# Gigaware 2.1 speakers wont work.



## yoface (Dec 11, 2011)

i just made a custom computer from newegg and for some reason i have been having trouble with my Gigaware 2.1 speakers i have all the drives and updates. but they worked yesterday when i got up this morning and i turned on my computer they stopped working.and i also use windows 7 64-bit. could anyone help me?


----------



## etaf (Oct 2, 2003)

are you able to try the speakers on another PC 
or headphones to check the output from the jack on the PC


----------



## yoface (Dec 11, 2011)

They work on other PCs in the house, but not on this one. The speakers are recognized by the computer, as they show up in the device manager. They just don't produce any sound.


----------



## etaf (Oct 2, 2003)

have you looked at the volume control in mixer and also in control panel - sound - just to make sure the volume is up and nothing muted 

Did you try headphones in the PC to check if any sound is being sent


----------



## yoface (Dec 11, 2011)

I did look at the mixer and the control panel. But I dont have any headphones to use.


----------



## etaf (Oct 2, 2003)

have a look in the device manager and see if there are any ! or ?
see if you can borrow headphones or other speakers to try

*------------------------------------------------------------------------*
* Device Manager *
Post back the results in device manager
If you cannot access the internet with this PC, then you will need to copy the program across to the faulty PC

windows key and pause Key should open to allow device manager to be seen on laptops may need to use windows key + FN key + Pause Key
if not then

Start > control Panel {Vista set to classic view}> system > {Vista, device manager on left hand side} {XP hardware Tab, device manager button} > 
windows 7
start > control panel> System and Security> Device Manager

post back the devices listed there with any ! ? or X

To post a screen shot of the active window, hold the Alt key and press the PrtScn key. Open the Windows PAINT application and Paste the screen shot. You can then use PAINT to trim to suit, and save it as a JPG format file. 
To upload it to the forum, open the full reply window and use the Manage Attachments button to upload it here
Full details are here http://library.techguy.org/wiki/TSG_Posting_a_Screenshot
*------------------------------------------------------------------------*


----------



## yoface (Dec 11, 2011)

well i have two sets of speakers but neither of them works. Its not the speakers though it is the computer. do you think reformatting my hard drive will work?


----------



## yoface (Dec 11, 2011)

oh and i already done the device manager stuff it said device is working properly but it is wrong.


----------



## etaf (Oct 2, 2003)

> do you think reformatting my hard drive will work?
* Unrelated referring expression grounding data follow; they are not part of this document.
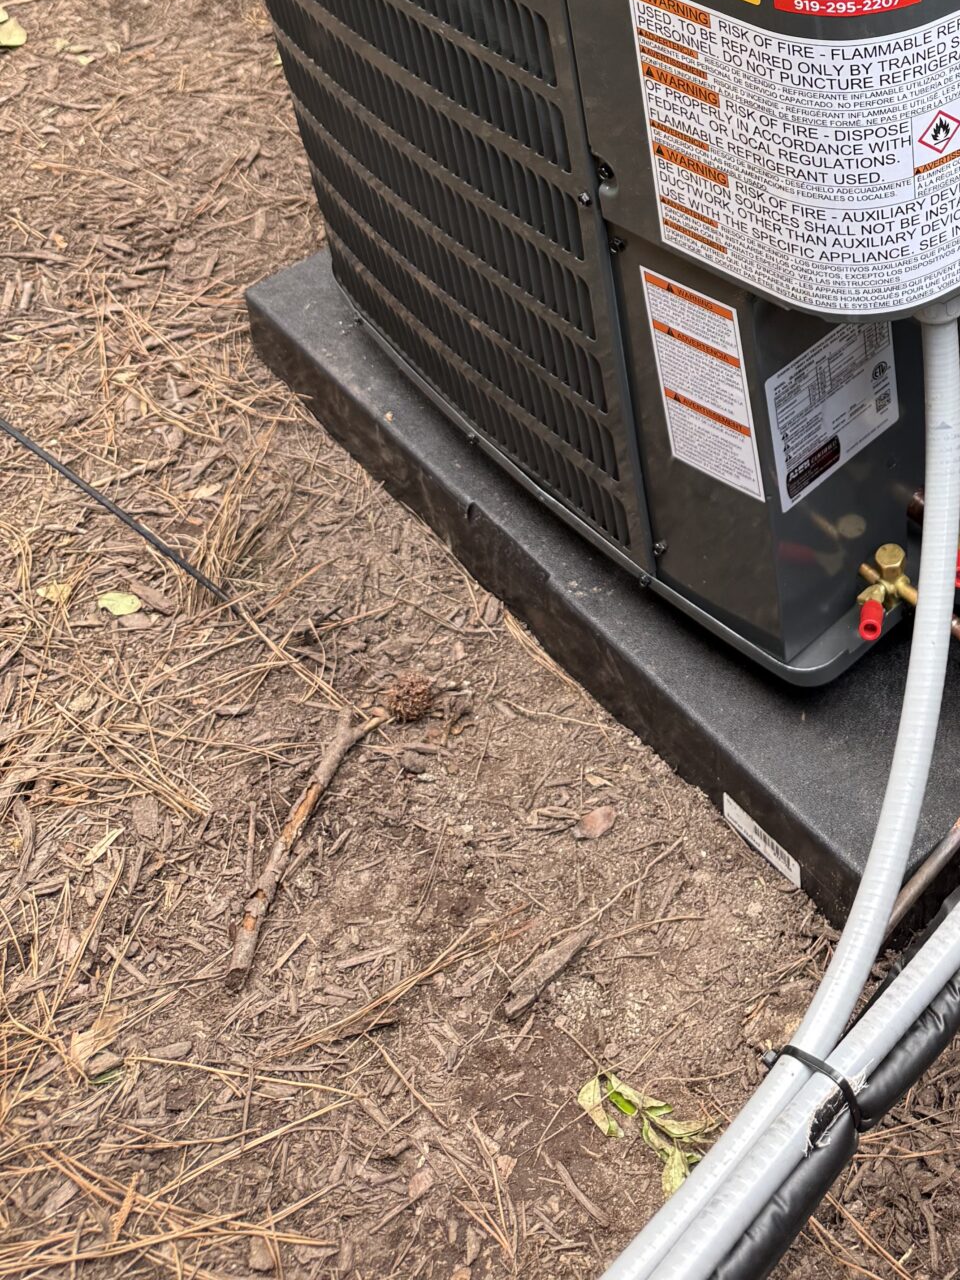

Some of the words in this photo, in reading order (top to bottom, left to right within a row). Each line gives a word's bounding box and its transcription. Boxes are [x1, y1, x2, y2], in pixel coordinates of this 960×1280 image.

[636, 2, 675, 27] USED.
[678, 19, 697, 35] TO
[700, 28, 718, 45] BE
[721, 38, 792, 72] REPAIRED
[798, 62, 846, 77] ONLY
[850, 62, 872, 76] BY
[878, 43, 948, 72] TRAINED
[638, 16, 720, 59] PERSONNEL.
[723, 50, 743, 68] DO
[746, 59, 776, 80] NOT
[780, 71, 874, 90] PUNCTURE
[643, 31, 696, 58] ADVERTENCIA
[646, 48, 708, 78] AVERTISSEMENT
[718, 20, 750, 43] RISK
[754, 34, 772, 50] OF
[778, 42, 814, 59] FIRE
[831, 31, 933, 60] FLAMMABLE
[645, 79, 662, 95] OF
[664, 87, 733, 123] PROPERLY
[737, 115, 750, 133] IN
[752, 127, 867, 156] ACCORDANCE
[869, 135, 912, 154] WITH
[648, 94, 704, 127] FEDERAL
[709, 119, 729, 139] OR
[732, 132, 775, 156] LOCAL
[778, 148, 900, 170] REGULATIONS.
[656, 69, 719, 105] WARNING
[725, 100, 756, 122] RISK
[759, 114, 778, 130] OF
[783, 122, 819, 139] FIRE
[834, 122, 910, 141] DISPOSE
[656, 124, 705, 150] ADVERTENCIA
[650, 108, 725, 149] FLAMMABLE
[728, 143, 828, 183] REFRIGERANT
[834, 172, 885, 185] USED.
[658, 158, 673, 173] BE
[677, 165, 731, 200] IGNITION
[735, 194, 799, 228] SOURCES
[804, 220, 856, 236] SHALL
[861, 222, 895, 235] NOT
[900, 214, 920, 231] BE
[660, 172, 734, 215] DUCTWORK,
[738, 209, 782, 235] OTHER
[786, 228, 827, 247] THAN
[832, 229, 916, 248] AUXILIARY
[667, 150, 727, 184] WARNING
[735, 181, 764, 203] RISK
[768, 196, 786, 210] OF
[792, 204, 826, 221] FIRE
[842, 198, 926, 223] AUXILIARY
[667, 201, 716, 227] ADVERTENCIA
[661, 186, 685, 205] USE
[689, 197, 720, 220] WITH
[724, 214, 748, 232] THE
[752, 225, 814, 258] SPECIFIC
[819, 246, 914, 264] APPLIANCE.
[919, 233, 948, 251] SEE
[668, 223, 726, 253] AVERTISSEMENT
[677, 290, 712, 310] WARNING
 possibly - but you may want to try a system restore first

start>
programs>
accessories>
System Tools>
system restore>
choose a date before yesterday


----------



## yoface (Dec 11, 2011)

i am doing that right now


----------



## yoface (Dec 11, 2011)

the system restore did not work is there anything else i can do


----------



## etaf (Oct 2, 2003)

the only thing i can thing of is to uninstall and then re-install the sound card drivers - which from your first post you have already done 
i wonder if anything in the startup are conflicting

start>
search bar>
type
*msconfig *
look at the 
*startup tab*

compare the startup with this database - it would be a useful exercise anyway , and remove all that are not required
http://www.bleepingcomputer.com/startups/


----------